Dinge, so oder so

 

Die Dinge der Woche (01. März 2009)
 

   Wir melden uns heute aus der Fastenklinik Labora et Labora im südlichen Allgäu, in der sich die Elite des Landes hinter dicken Mauern mit rechtsdrehenden Heilwässern, ganz altem Brot aus einer Biomühle und frisch geraspeltem Eichenlaub halb zu Tode läutert. Die Insassen tragen eine Kutte aus rohem Rupfen und sind gehalten, nicht zu sprechen oder Börsenkurse anzuschauen.

   Unterbrochen wird die Kontemplation nur bei der nachmittäglichen Selbstgeisselung un der gemeinsamen Stuhlgang-Lese zur frühen Abendstunde, bei der der Chef-Gastroenterologe des Hauses die Ausscheidungen der Faster bewertet und Punkte verteilt. Für vier Punkte gibt es einen alten Bio-Apfel, der im Rahmen einer therapeutischen Übung (siehe Bild) gegessen werden muss. Dazu wird hinterher ein halber Löffel Selleriesud gereicht. Für jeden. Unsere Redaktion "Genuss und Reue" ist neugierig geworden und hat einen unerschrockenen Kollegen zum Selbstversuch ins Allgäu geschickt. Hier sein Bericht:



   Die ersten drei Tage verlaufen relativ ruhig. Die Patienten wandeln schweigend und leicht bis mässig flatulierend durch den Park. In den anschliessenden Therapiestunden malen sie Bilder von sehr fetten Menschen, die von einer Armee Cheesburger auf Beinen und marodierenden Mayo-Flaschen mit Kalaschnikows verfolgt werden. Banker V. wird von der Fastenleitung ermahnt, weil er sich gleich zweimal von der netten Fräulein Olga einen Bergkräutersud-Einlauf machen lassen will.
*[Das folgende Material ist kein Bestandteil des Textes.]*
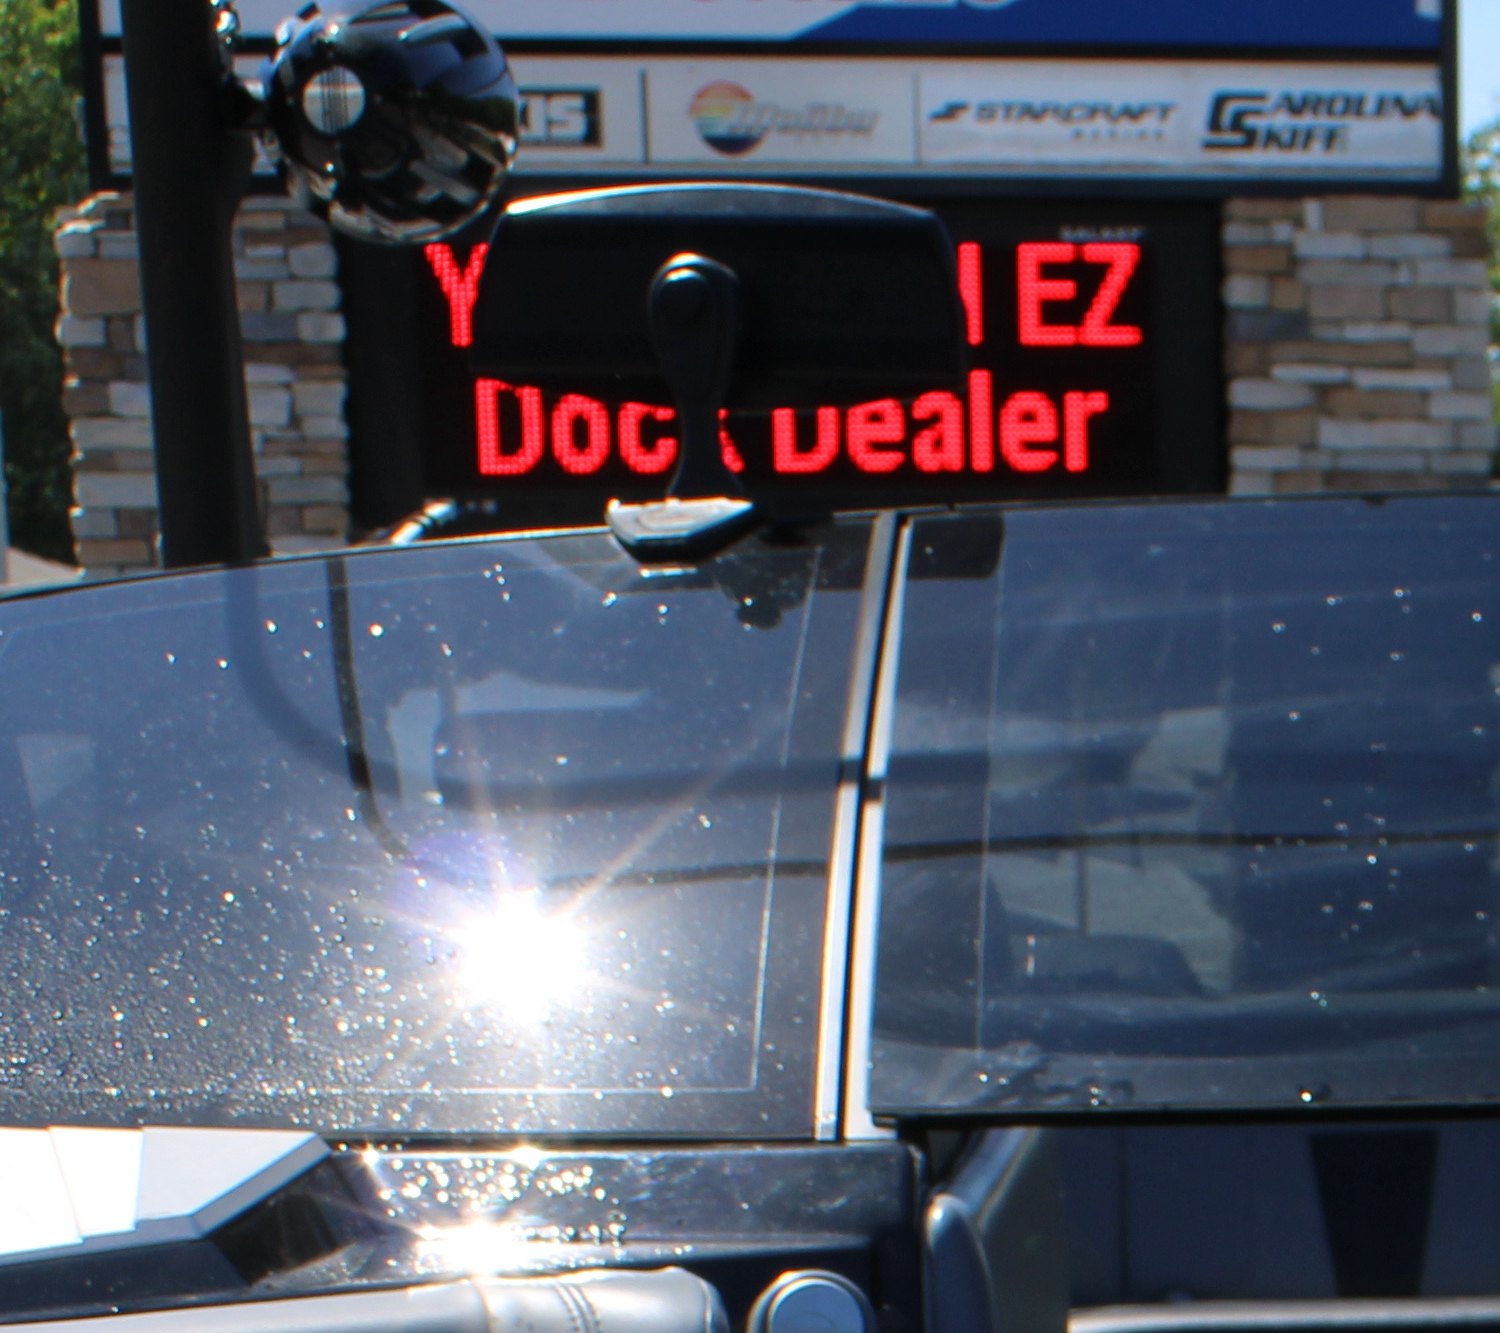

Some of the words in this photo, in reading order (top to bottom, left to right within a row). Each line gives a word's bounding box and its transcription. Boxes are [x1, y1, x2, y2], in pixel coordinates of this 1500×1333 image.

[974, 100, 1182, 126] STARCRAFT
[1207, 88, 1442, 132] CAROLINA
[1016, 241, 1143, 347] EZ
[771, 368, 1109, 474] Dealer
Eine gerechte Rüge, weil sich V. so ein paar Stuhlgang-Punkte erschleichen will.

   Am Tag vier wird die Stimmung langsam gereizt. Die Ersten wählen statt der Selbstgeisselung das Alternativprogramm und schauen ohne Pause drei Stunden "Das perfekte Promidinner" an. Abends muss Wernfratz-Isidor G., ein hysterischer Politiker aus dem Bayerischen, mit Stahltauen ins Bett gefesselt werden, weiler sich bei der Stuhlgang-Lese um eine Punkt beraubt sah. "Was soll der ganze Scheiss", brüllt G. immer wieder, was gegen das Schweigegebot verstösst. Auch der Gewinner des Tages, ein feister Investmentbanker, muss den Apfel wieder rausrücken, weil er ihn als mündelsichere Anlage an einen Finanzstaatssekretär verhökern wollte.
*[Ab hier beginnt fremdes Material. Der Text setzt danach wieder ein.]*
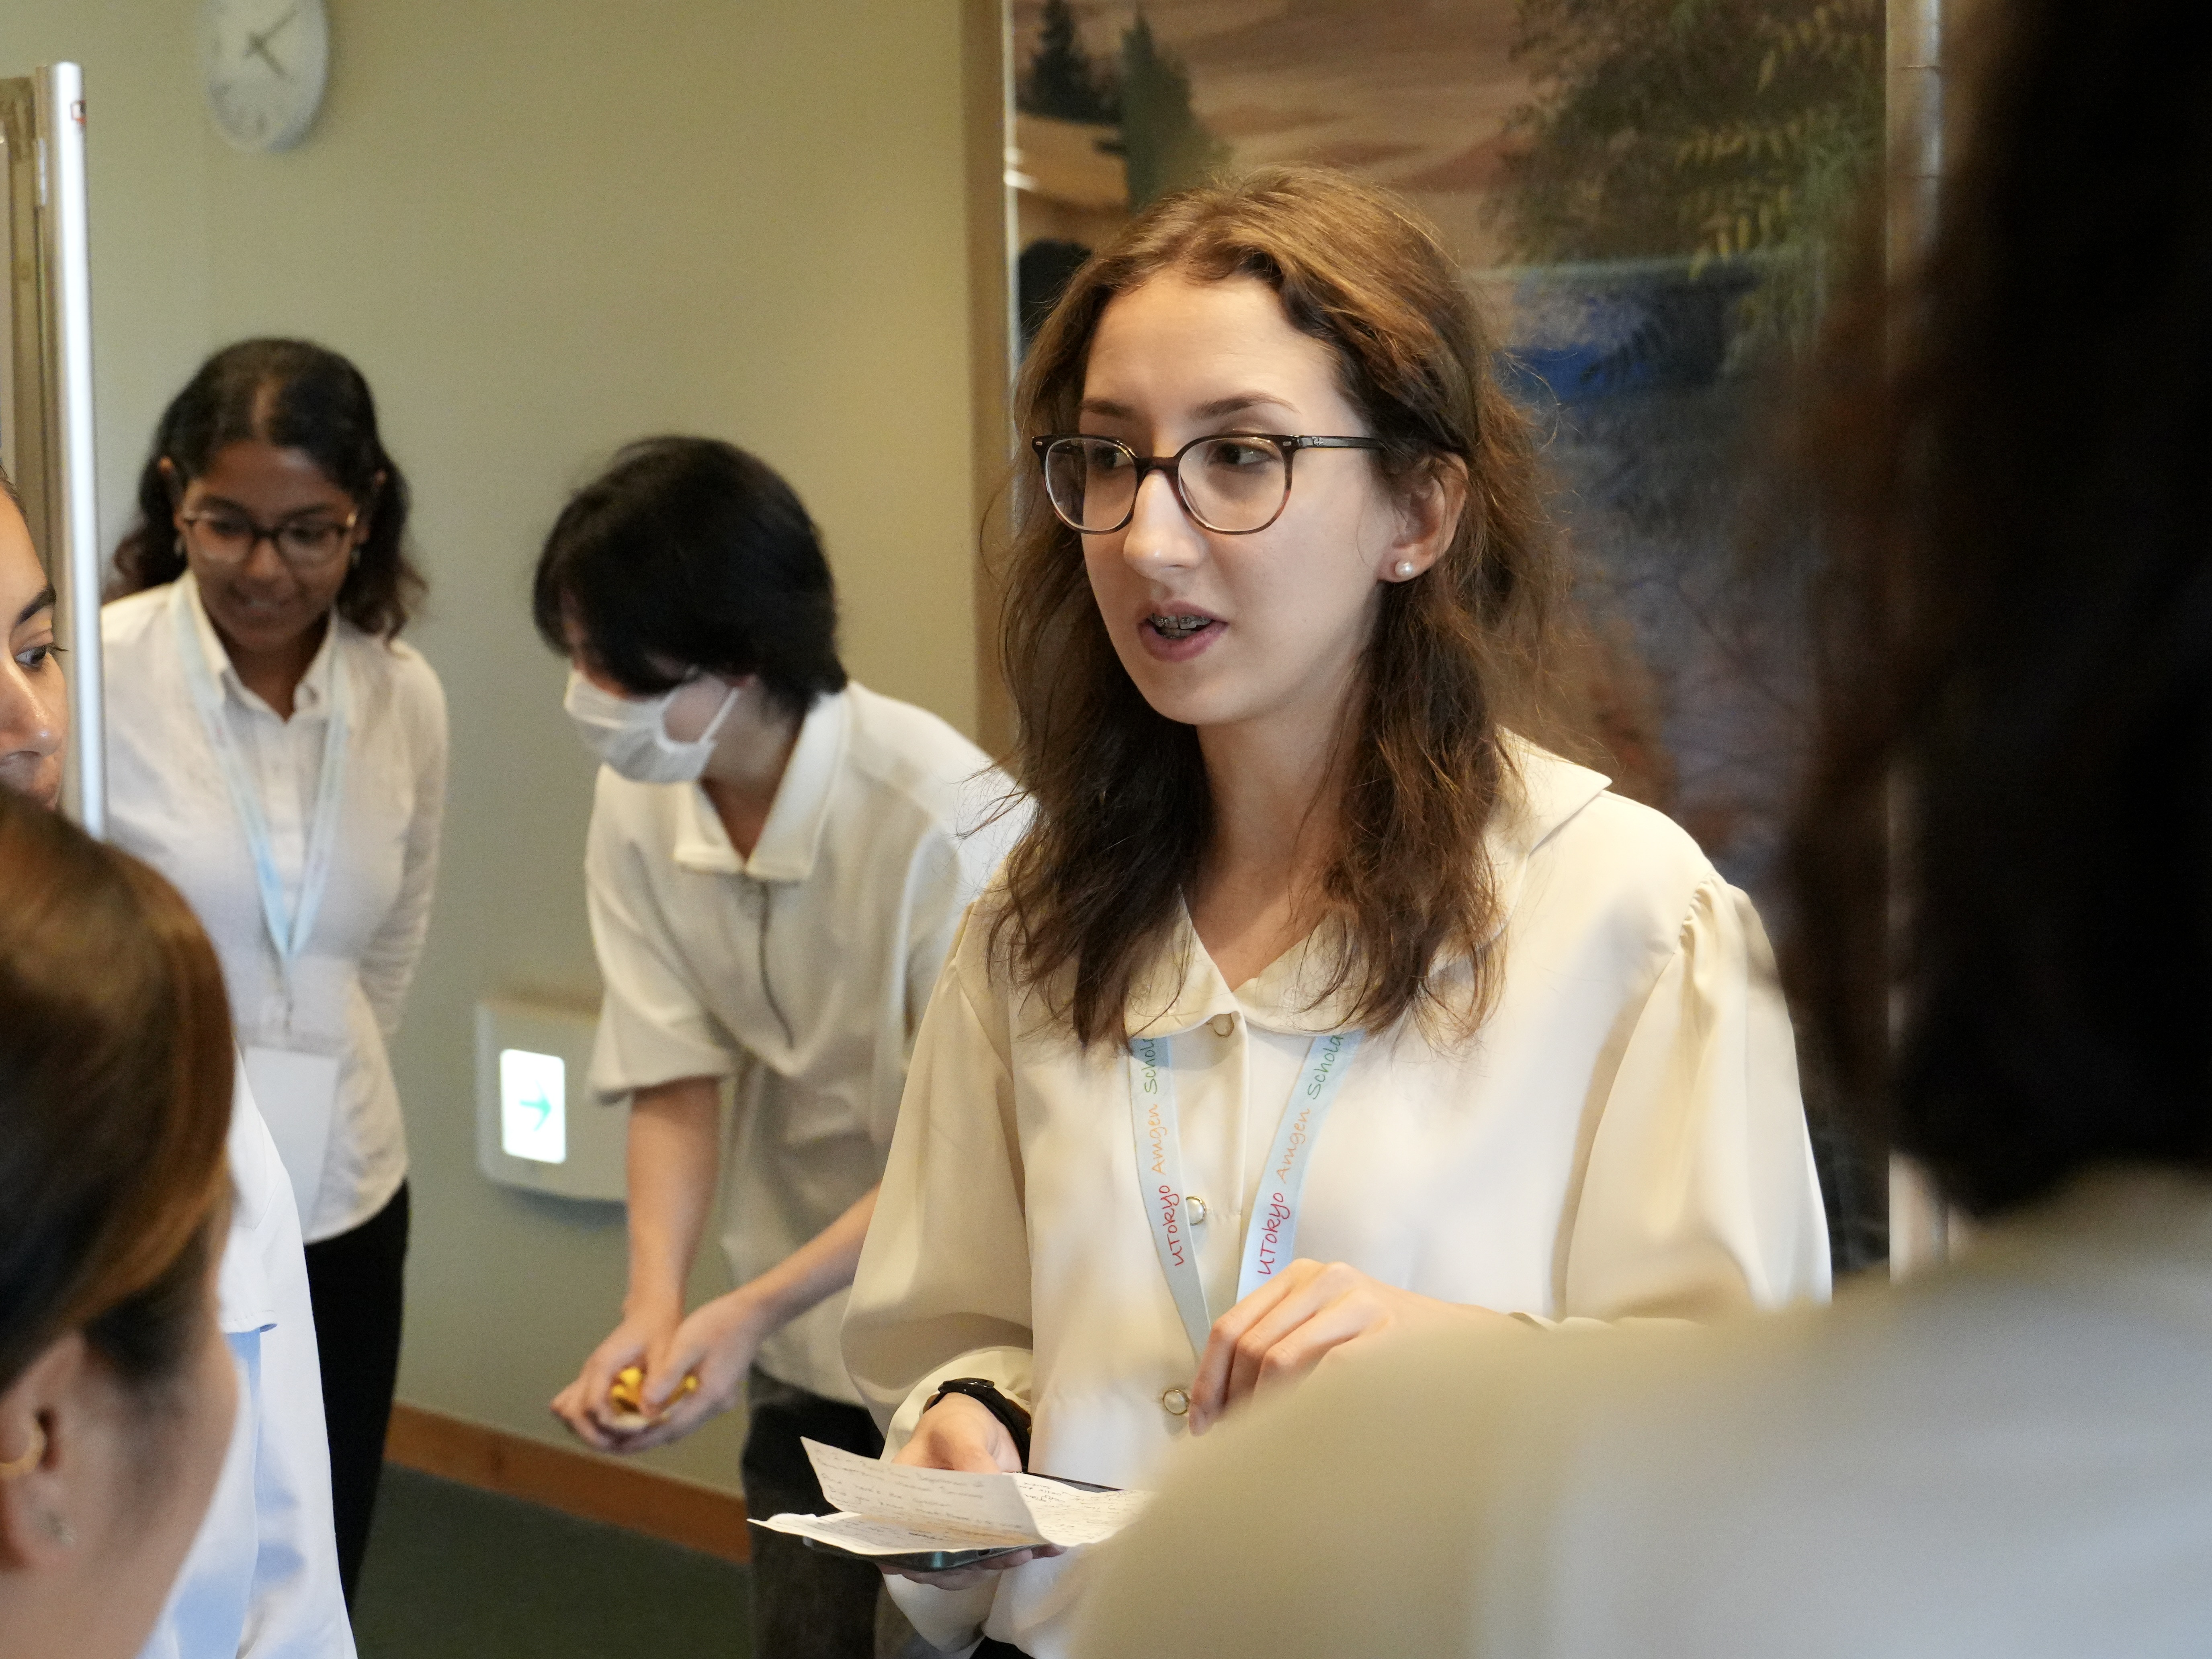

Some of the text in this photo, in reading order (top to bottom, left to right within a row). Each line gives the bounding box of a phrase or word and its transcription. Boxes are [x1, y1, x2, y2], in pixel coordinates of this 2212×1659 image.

[1148, 1104, 1168, 1175] Amgen
[1159, 1185, 1185, 1266] UTokyo
[1258, 1192, 1290, 1275] UTokyo
[1276, 1108, 1311, 1184] Amgen
   Am nächsten Morgen entreisst ein Patient aus dem dritten Stock der Putzfrau die Handtasche und klaut ihre Leberkässemmel. Der Mann wird nach kurzer Flucht von Fräulein Olga mit einem wuchtigen Leberhaken niedergestreckt, muss zur Strafe vier Liter Wasser trinken und darf am Abend nicht mit zum Kurs "Die Möhre - Quell aller Kraft". Am sechsten Tag mehren sich die Übergriffe,. einige Insassen fliehen vom Dach der Klinik in ihren Privathelikoptern. Oberkellner Luis wird beim Servieren des geraspelten Eichenlaubs mehrfach gebissen, der Gastroenterologe von einem aufgebrachten Mittelständler mit dessen Tageslosung beworfen.
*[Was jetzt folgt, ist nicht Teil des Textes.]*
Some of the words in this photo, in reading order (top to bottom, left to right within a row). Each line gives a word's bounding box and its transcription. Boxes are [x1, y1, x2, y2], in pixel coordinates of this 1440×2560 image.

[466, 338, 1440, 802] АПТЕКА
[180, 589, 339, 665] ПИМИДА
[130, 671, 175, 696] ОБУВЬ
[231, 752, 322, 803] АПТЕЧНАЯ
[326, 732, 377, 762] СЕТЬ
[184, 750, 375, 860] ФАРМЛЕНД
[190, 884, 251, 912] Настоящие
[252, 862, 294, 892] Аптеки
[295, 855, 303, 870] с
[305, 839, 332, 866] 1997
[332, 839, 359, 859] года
   Am siebten Tag erklärt die Klinikleitung das Fatsen für beendet. Es gibt Kesselfleisch mit Bauchspeck, Blutwurst mit Schmand im Reisrand, Kernseife, fette Schnecken, Lebertran an frischen Erdbeeren und eimerweise frisches Starkbier. Am Ausgang reservieren die Patienten für 2010.

   Der Spitzenkandidat einer Volkspartei, der am zweiten Tag plötzlich verschwunden ist, wird nach der Schneeschmelze erfroren im Park aufgefunden - er hatte versucht, sich mit einem Kaffeelöffel unter der Mauer durchzugraben. In der Tasche seiner Rupfen-Kutte fanden sich Spuren von gefrorenen Selleriesud und ein funktionsfähiges Handy.